**TASK TO CARRY OUT**
Once you reach the line with "Some of the text", transcribe it and every line after it to the end of the records, exactly, but not the pictures.

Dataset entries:
################

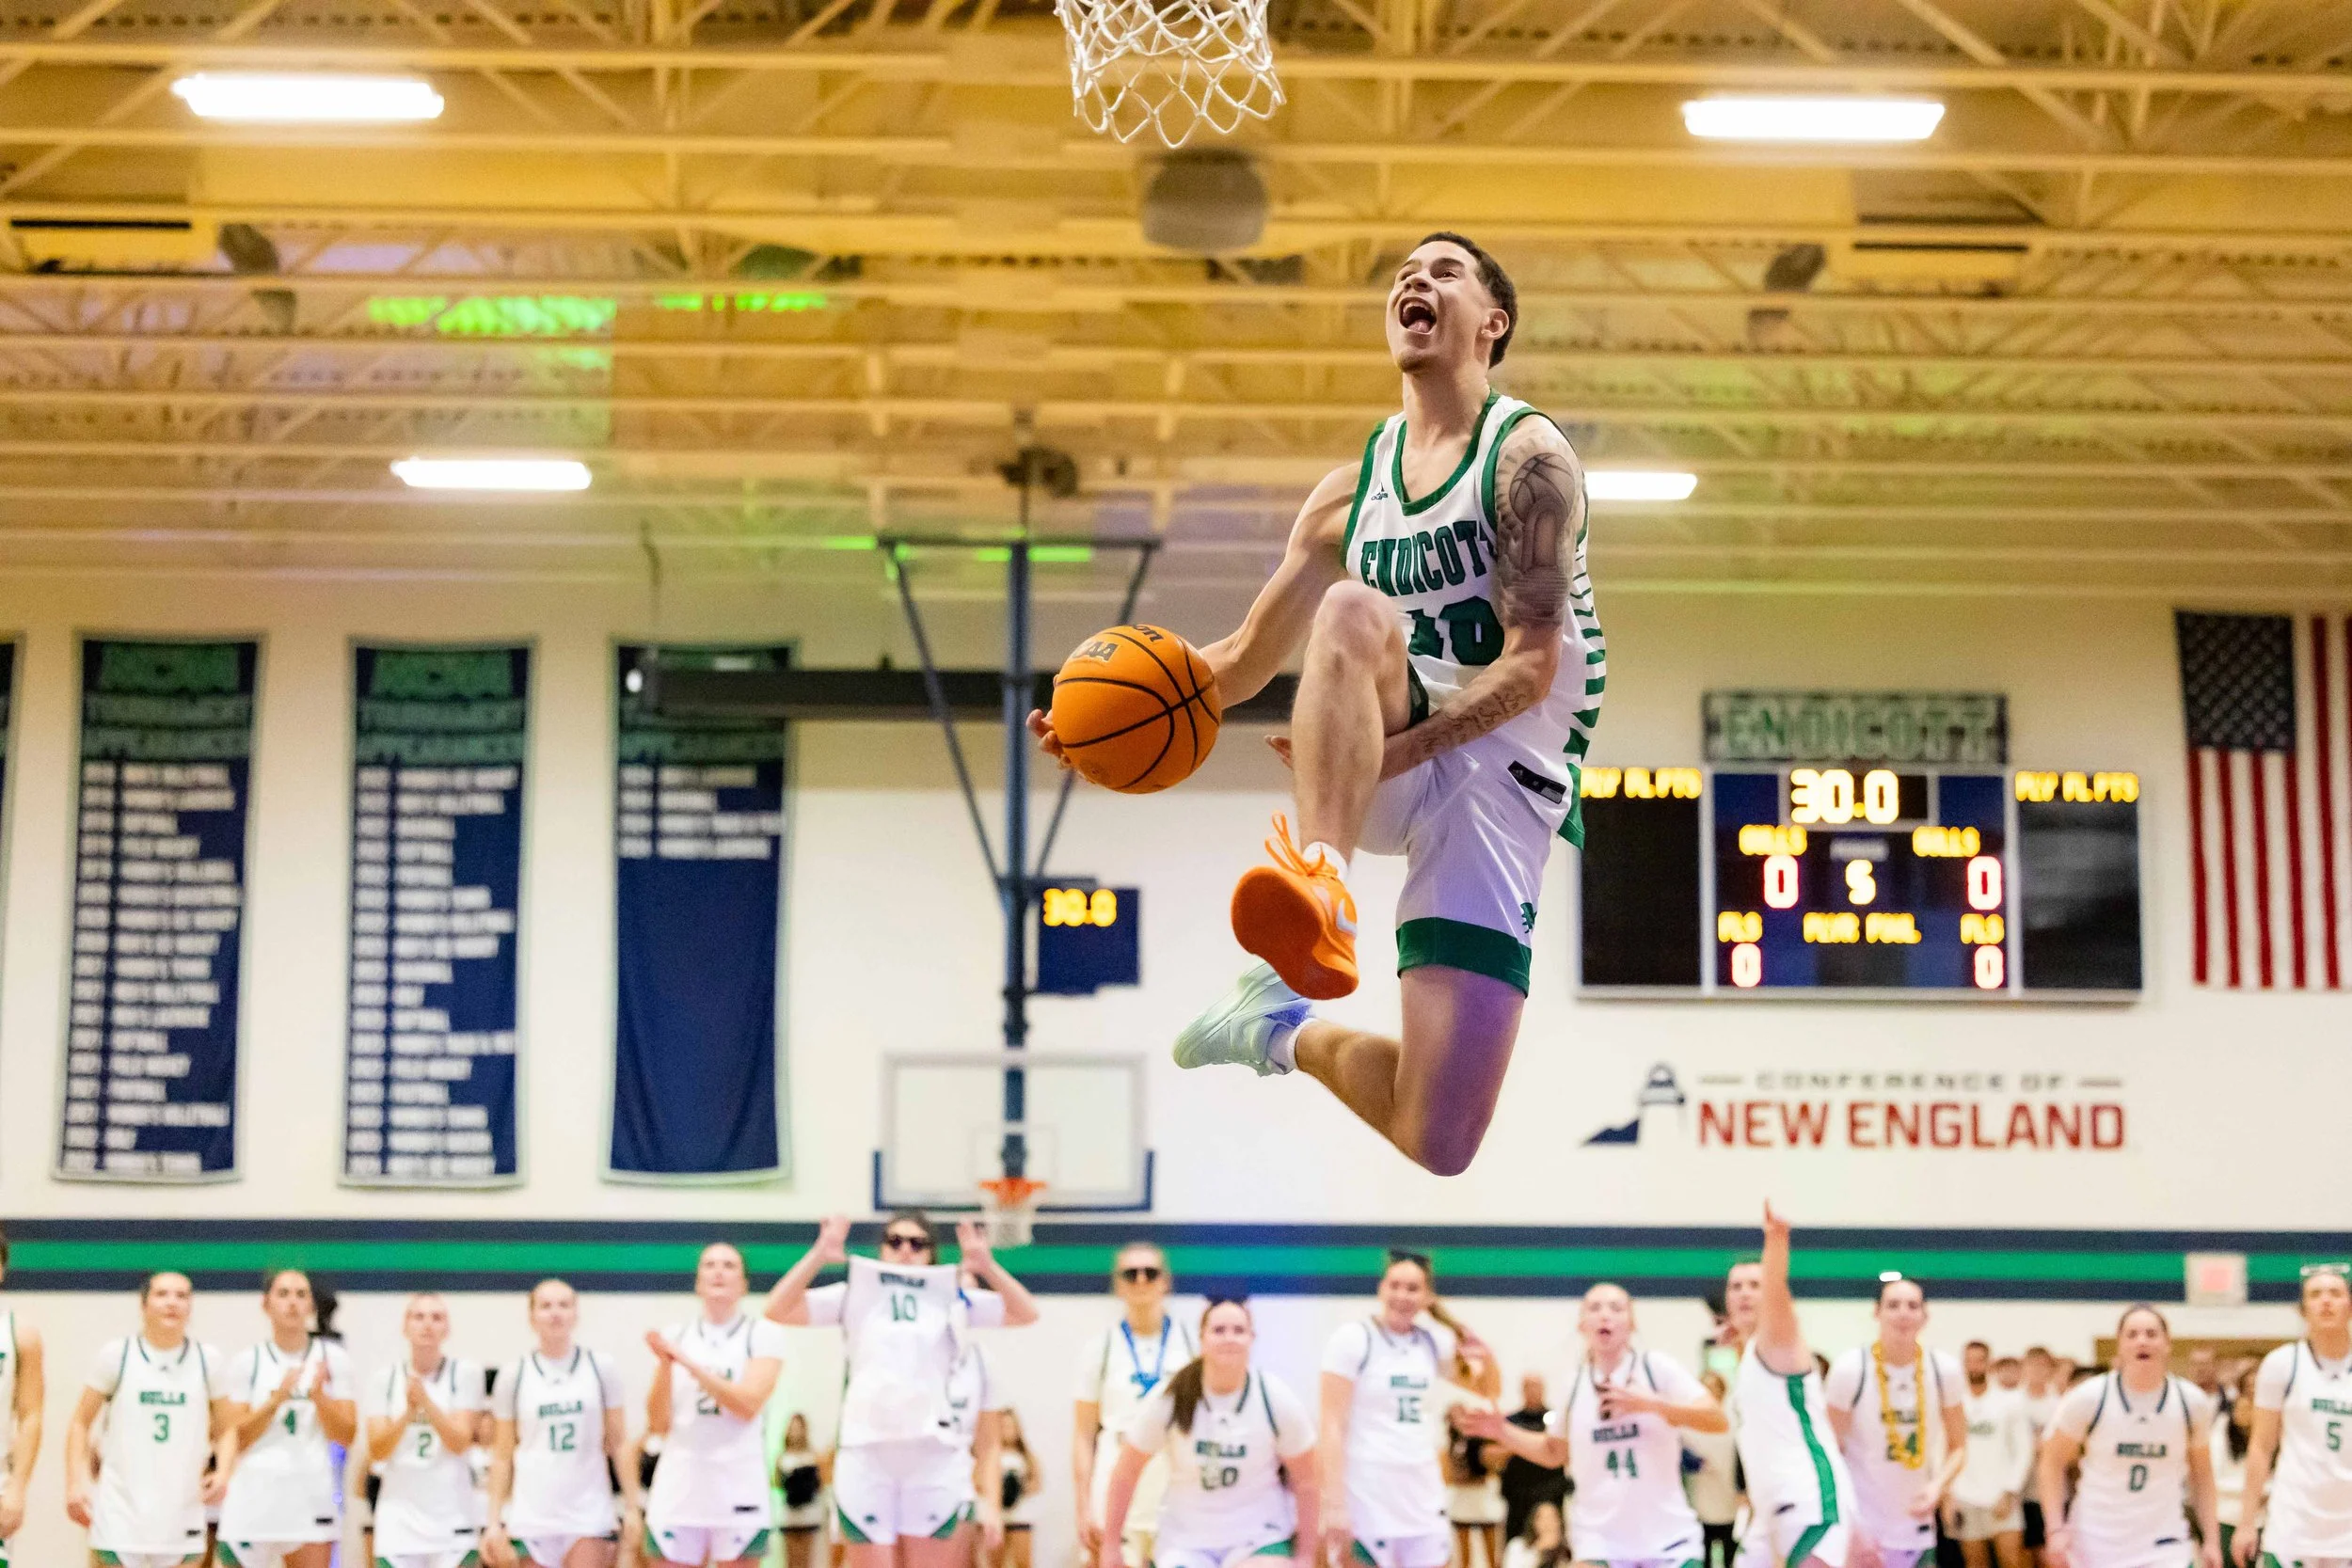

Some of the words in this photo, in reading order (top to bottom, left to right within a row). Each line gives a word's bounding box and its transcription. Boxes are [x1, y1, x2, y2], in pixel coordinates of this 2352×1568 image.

[1714, 701, 1994, 757] ENDICOTT
[1790, 768, 1899, 825] 30.0
[1764, 854, 1799, 909] 0
[1967, 856, 2002, 911] 0
[1732, 942, 1761, 988] 0
[1975, 944, 2004, 989] 0
[1756, 1072, 2004, 1091] CONFERENCE
[2020, 1074, 2063, 1092] OF
[1699, 1101, 1829, 1147] NEW
[1847, 1101, 2125, 1148] ENGLAND
[890, 1292, 918, 1323] 10
[153, 1414, 169, 1442] 3
[284, 1408, 296, 1435] 4
[548, 1422, 575, 1451] 12
[2326, 1420, 2342, 1453] 5
[417, 1432, 432, 1458] 2
[1606, 1448, 1639, 1481] 44
[2129, 1464, 2148, 1493] 0
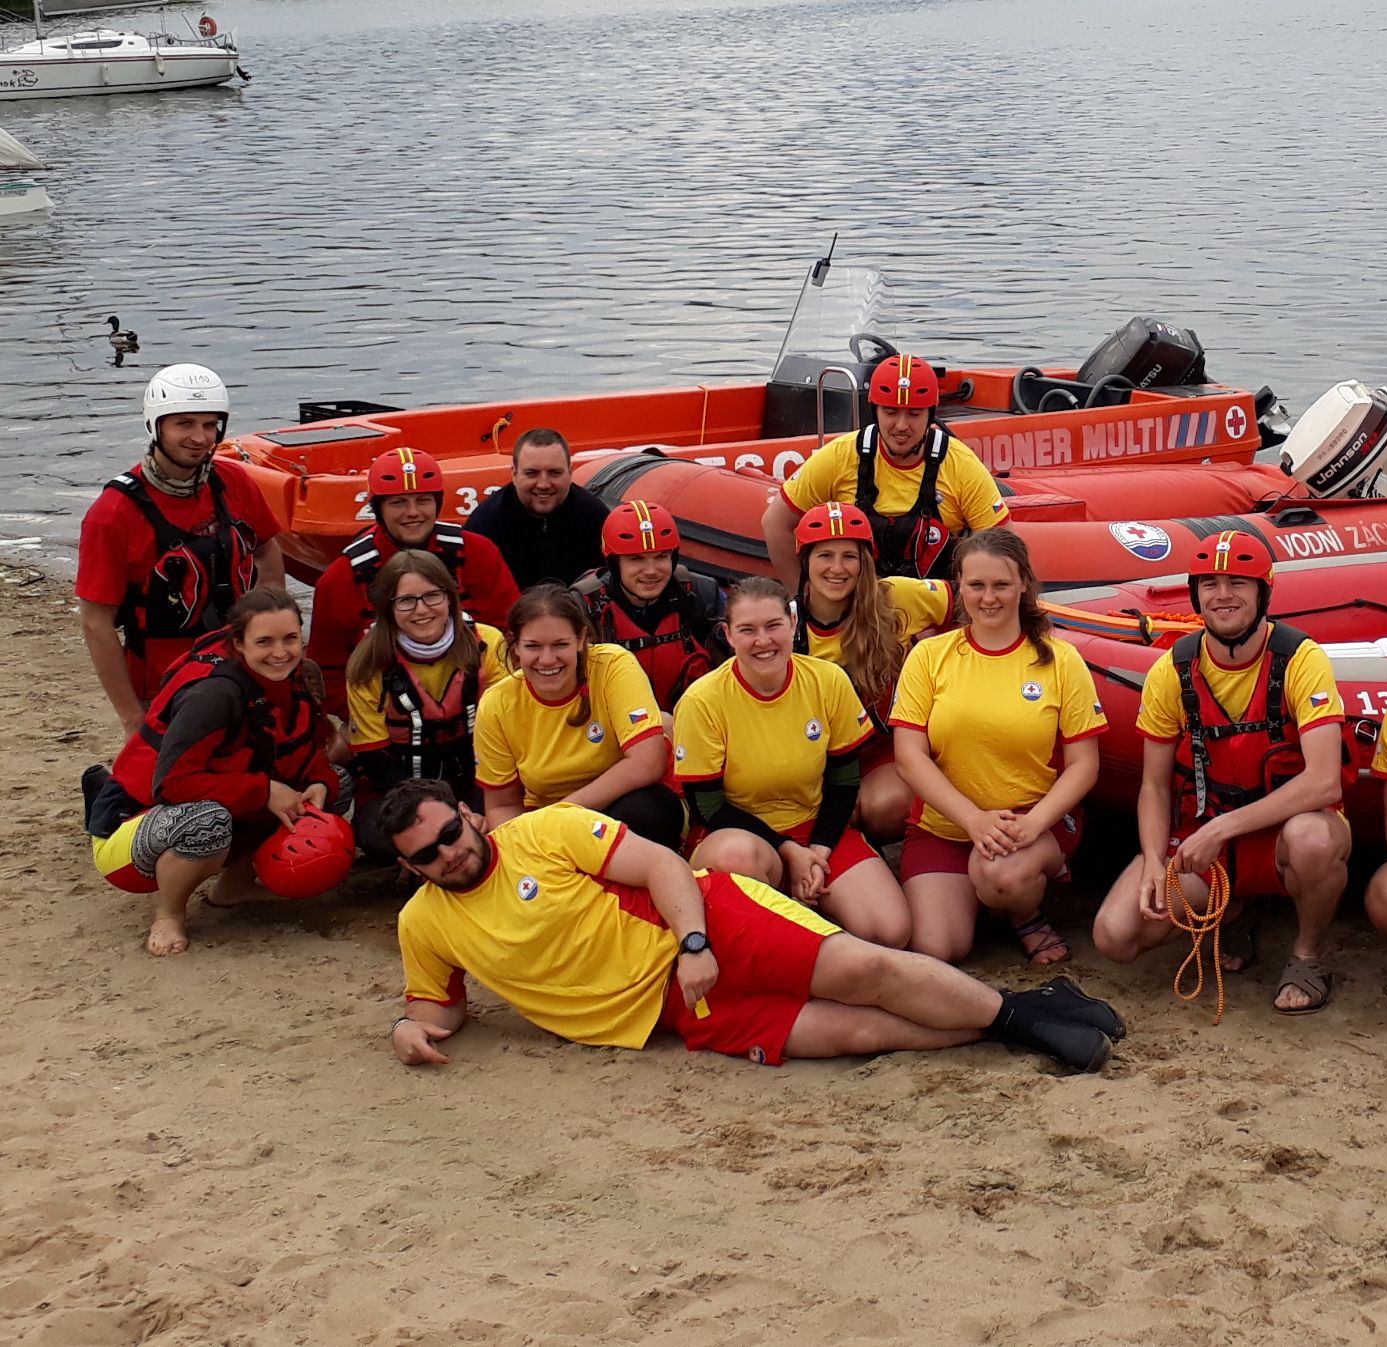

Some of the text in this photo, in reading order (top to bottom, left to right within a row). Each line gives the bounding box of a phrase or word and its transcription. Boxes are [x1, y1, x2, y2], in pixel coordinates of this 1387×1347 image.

[1139, 363, 1163, 389] ATSU
[1081, 415, 1163, 461] MULTI
[1316, 431, 1368, 485] Johnson
[1275, 524, 1345, 558] VODNÍ
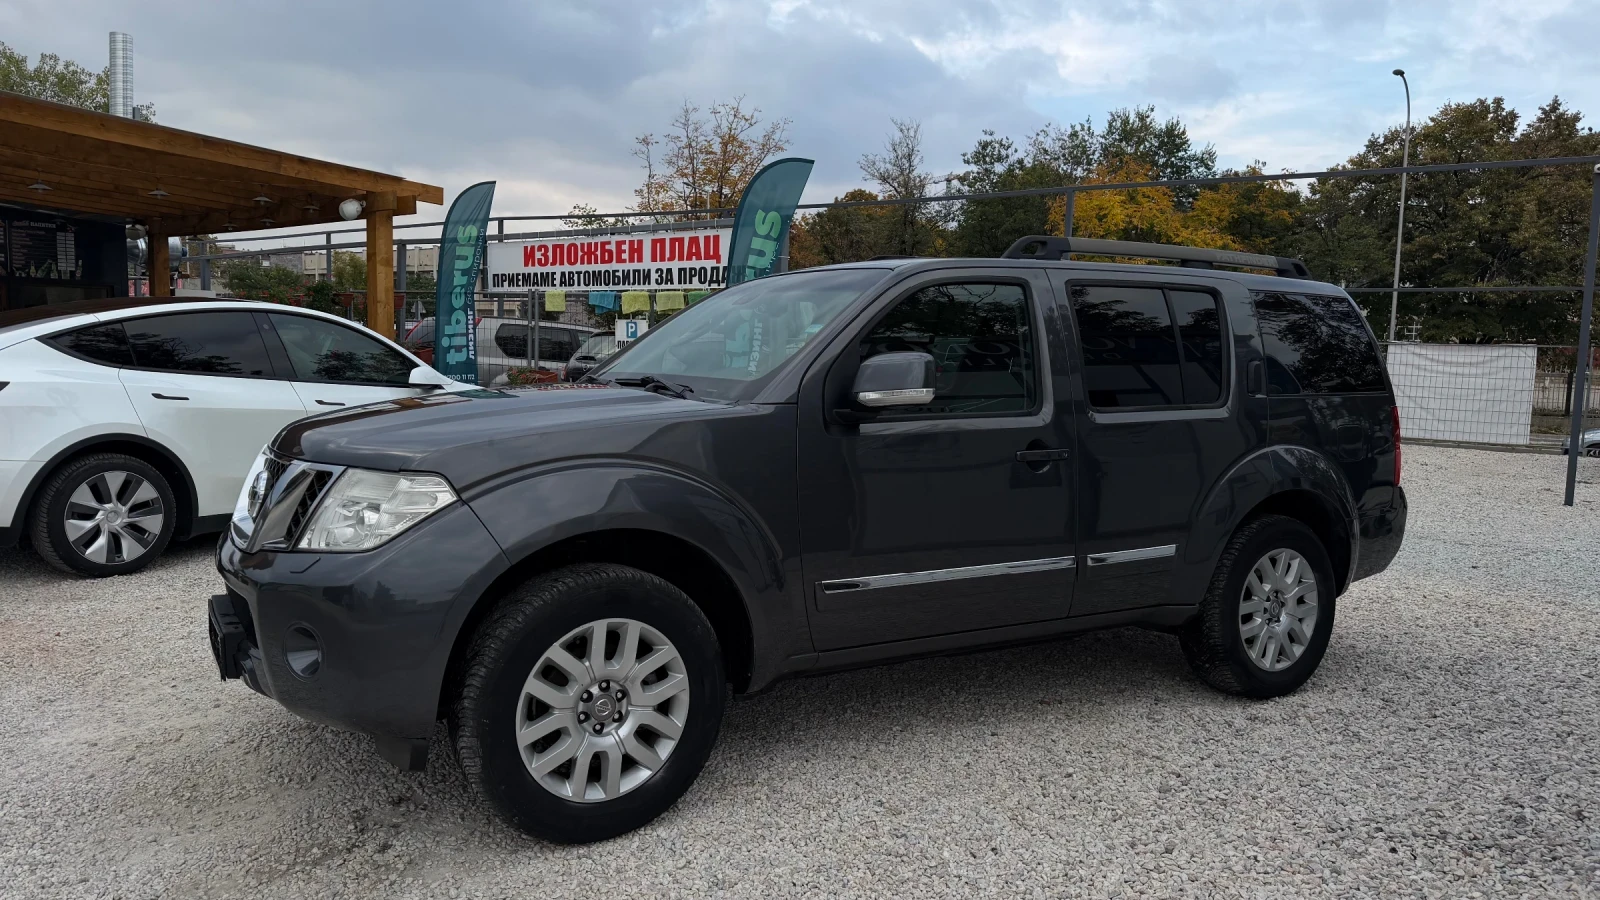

################

**WRITTEN SOLUTION**
Some of the text in this photo, in reading order (top to bottom, left to right within a row). Each line gives the bounding box of a phrase or word and its transcription. Boxes are [x1, y1, x2, y2], in pixel coordinates of this 1387×1347 image.

[1139, 363, 1163, 389] ATSU
[1081, 415, 1163, 461] MULTI
[1316, 431, 1368, 485] Johnson
[1275, 524, 1345, 558] VODNÍ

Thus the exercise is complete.